Design/methodology/approach
The determination of Zakah on contemporary financial instruments is controversial, with various conflicting Fatwas being presented. This paper introduces a theoretical model that integrates Fiqh rules, accounting, finance and economic principles to propose a method for calculating Zakah on financial instruments. This theoretical model can be the foundation for future empirical and statistical testing.
Findings
The proposed model advocates omitting the financial assets/liabilities when determining the Zakah base for companies, as the Zakah burden relies on the owner of the real asset. The paper elaborates on the implementation of the model on debts, investments and cash accounts.

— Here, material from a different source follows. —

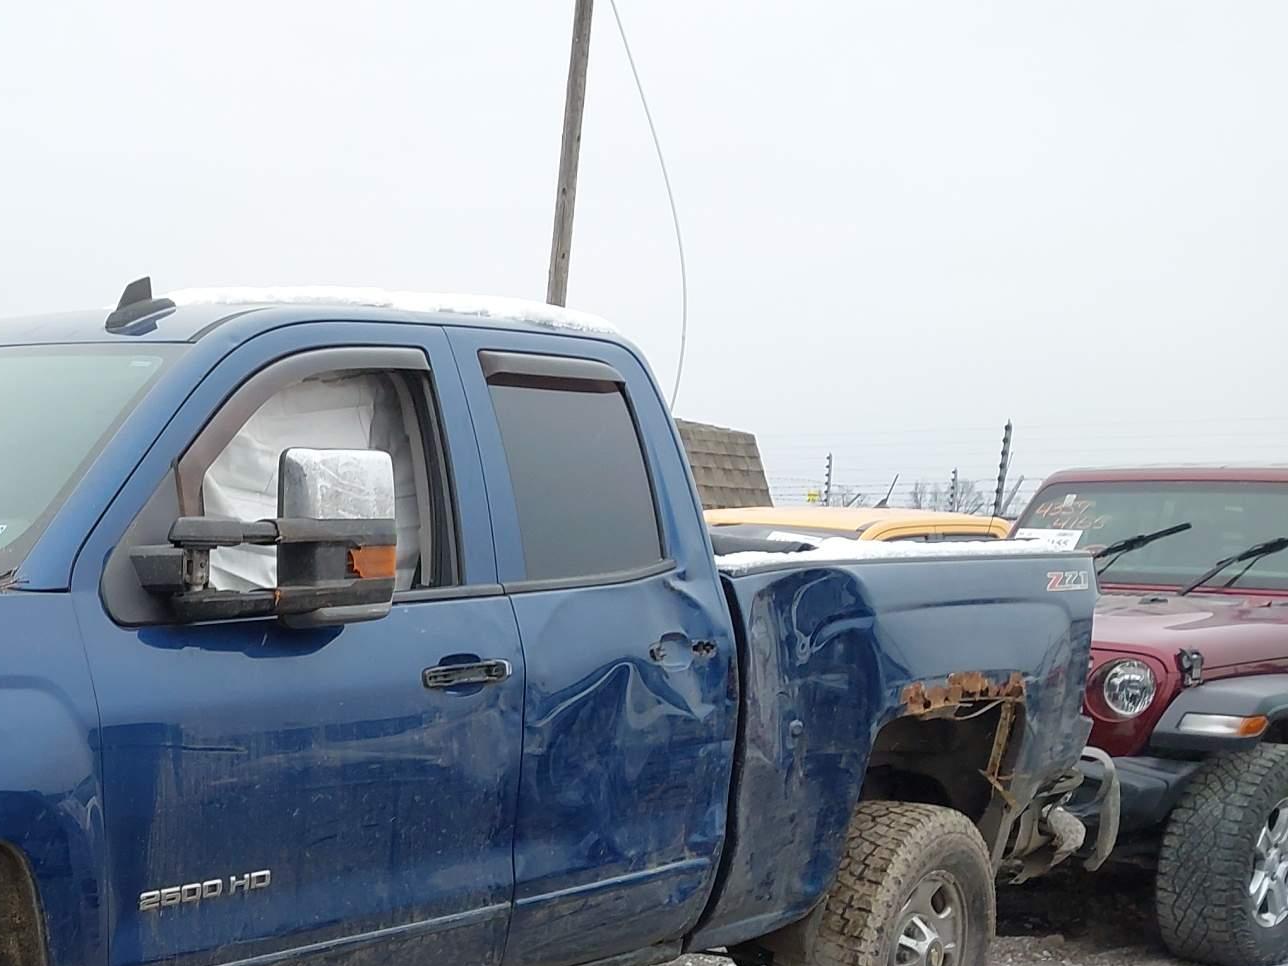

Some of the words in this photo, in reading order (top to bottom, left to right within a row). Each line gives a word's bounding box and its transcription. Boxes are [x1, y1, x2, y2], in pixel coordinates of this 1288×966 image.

Research limitations/implications
The paper does not investigate whether or not the accounting approach in dealing with financial contracts is deemed acceptable by Fiqh scholars, nor does it discuss whether or not this may affect the Zakah fatwas regarding these types of accounts.
Practical implications
The paper establishes a conceptual framework for the Zakah on financial assets. This will pave the way for future empirical research and testing to validate the framework in different contexts. In addition, if regulators adopt this model and apply it to all companies, it would promote fairness and justice at the national level.
Social implications
The proposed model advocates omitting the financial assets/liabilities when determining the Zakah base for companies, as the Zakah burden relies on the owner of the real asset. The paper elaborates on the implementation of the model on debts, investments and cash accounts.
Originality/value
To the best of the authors’ knowledge, this is the first attempt to utilize the accounting approach in order to determine the amount of Zakah.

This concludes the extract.